• **YOUR GOAL**
Give the records again in full, exactly as they appear, but without the pictures.

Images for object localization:
------------------------------

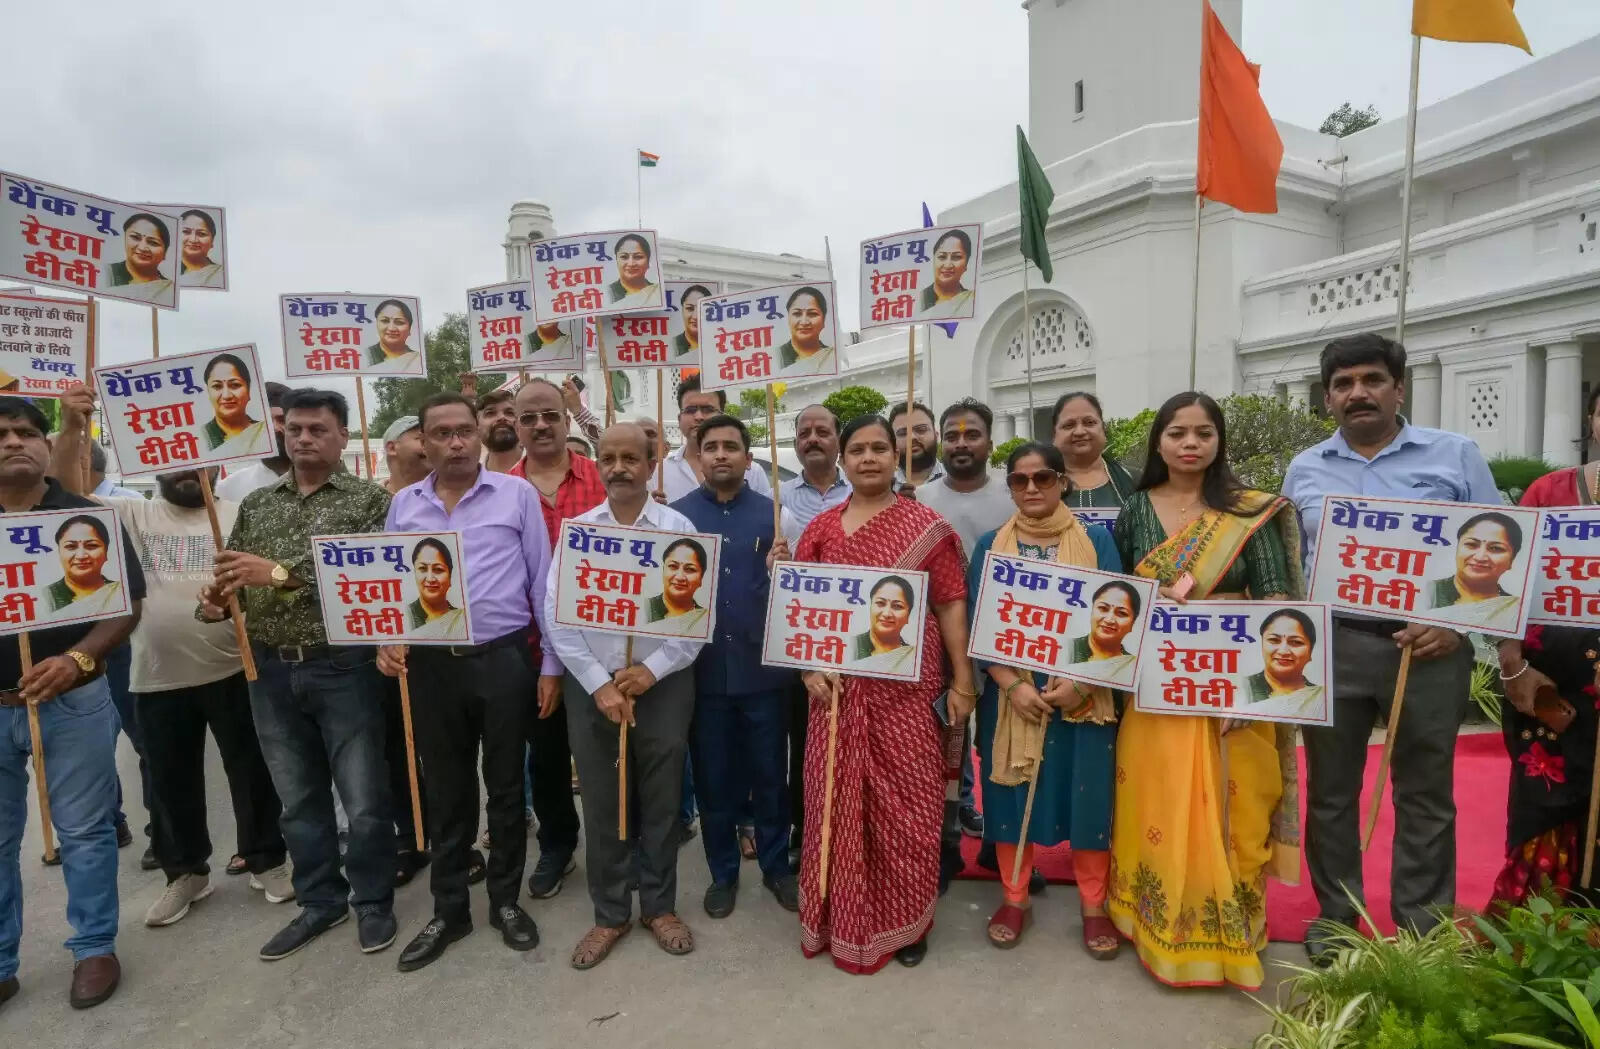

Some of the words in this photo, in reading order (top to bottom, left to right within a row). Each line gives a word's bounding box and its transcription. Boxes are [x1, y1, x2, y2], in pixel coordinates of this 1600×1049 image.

[5, 177, 78, 217] थैंक
[84, 204, 120, 236] यू
[20, 214, 105, 260] रेखा
[532, 241, 580, 262] थैंक
[585, 241, 613, 261] यू
[864, 240, 904, 264] थैंक
[906, 239, 931, 263] यू
[24, 251, 100, 289] दीदी
[545, 266, 604, 290] रेखा
[869, 269, 920, 296] रेखा
[46, 308, 60, 320] की
[286, 297, 338, 318] थैंक
[344, 302, 373, 324] यू
[470, 292, 504, 311] थैंक
[508, 290, 531, 311] यू
[552, 288, 604, 314] दीदी
[703, 298, 751, 322] थैंक
[756, 295, 784, 320] यू
[871, 295, 916, 322] दीदी
[299, 322, 363, 347] रेखा
[478, 315, 522, 339] रेखा
[713, 326, 774, 353] रेखा
[304, 348, 363, 371] दीदी
[482, 338, 522, 362] दीदी
[616, 339, 668, 363] दीदी
[100, 369, 163, 397] थैंक
[167, 366, 204, 394] यू
[718, 352, 773, 381] दीदी
[124, 401, 195, 436] रेखा
[136, 431, 201, 465] दीदी
[1331, 500, 1403, 533] थैंक
[1412, 513, 1452, 547] यू
[6, 525, 53, 554] यू
[567, 526, 623, 556] थैंक
[630, 539, 660, 568] यू
[319, 541, 375, 568] थैंक
[383, 543, 411, 573] यू
[1338, 535, 1431, 577] रेखा
[335, 573, 403, 605] रेखा
[576, 559, 646, 595] रेखा
[779, 568, 833, 595] थैंक
[838, 577, 867, 605] यू
[992, 558, 1052, 592] थैंक
[1057, 576, 1088, 609] यू
[1337, 575, 1421, 611] दीदी
[343, 607, 403, 636] दीदी
[576, 594, 639, 627] दीदी
[785, 598, 854, 633] रेखा
[997, 591, 1072, 635] रेखा
[1217, 612, 1256, 643] यू
[784, 632, 847, 665] दीदी
[995, 628, 1062, 666] दीदी
[1157, 640, 1241, 673] रेखा
[1161, 677, 1237, 708] दीदी

------------------------------

• **ANSWER SPACE**
Some of the words in this photo, in reading order (top to bottom, left to right within a row). Each line gives a word's bounding box and its transcription. Boxes are [x1, y1, x2, y2], in pixel coordinates of this 1600×1049 image.

[5, 177, 78, 217] थैंक
[84, 204, 120, 236] यू
[20, 214, 105, 260] रेखा
[532, 241, 580, 262] थैंक
[585, 241, 613, 261] यू
[864, 240, 904, 264] थैंक
[906, 239, 931, 263] यू
[24, 251, 100, 289] दीदी
[545, 266, 604, 290] रेखा
[869, 269, 920, 296] रेखा
[46, 308, 60, 320] की
[286, 297, 338, 318] थैंक
[344, 302, 373, 324] यू
[470, 292, 504, 311] थैंक
[508, 290, 531, 311] यू
[552, 288, 604, 314] दीदी
[703, 298, 751, 322] थैंक
[756, 295, 784, 320] यू
[871, 295, 916, 322] दीदी
[299, 322, 363, 347] रेखा
[478, 315, 522, 339] रेखा
[713, 326, 774, 353] रेखा
[304, 348, 363, 371] दीदी
[482, 338, 522, 362] दीदी
[616, 339, 668, 363] दीदी
[100, 369, 163, 397] थैंक
[167, 366, 204, 394] यू
[718, 352, 773, 381] दीदी
[124, 401, 195, 436] रेखा
[136, 431, 201, 465] दीदी
[1331, 500, 1403, 533] थैंक
[1412, 513, 1452, 547] यू
[6, 525, 53, 554] यू
[567, 526, 623, 556] थैंक
[630, 539, 660, 568] यू
[319, 541, 375, 568] थैंक
[383, 543, 411, 573] यू
[1338, 535, 1431, 577] रेखा
[335, 573, 403, 605] रेखा
[576, 559, 646, 595] रेखा
[779, 568, 833, 595] थैंक
[838, 577, 867, 605] यू
[992, 558, 1052, 592] थैंक
[1057, 576, 1088, 609] यू
[1337, 575, 1421, 611] दीदी
[343, 607, 403, 636] दीदी
[576, 594, 639, 627] दीदी
[785, 598, 854, 633] रेखा
[997, 591, 1072, 635] रेखा
[1217, 612, 1256, 643] यू
[784, 632, 847, 665] दीदी
[995, 628, 1062, 666] दीदी
[1157, 640, 1241, 673] रेखा
[1161, 677, 1237, 708] दीदी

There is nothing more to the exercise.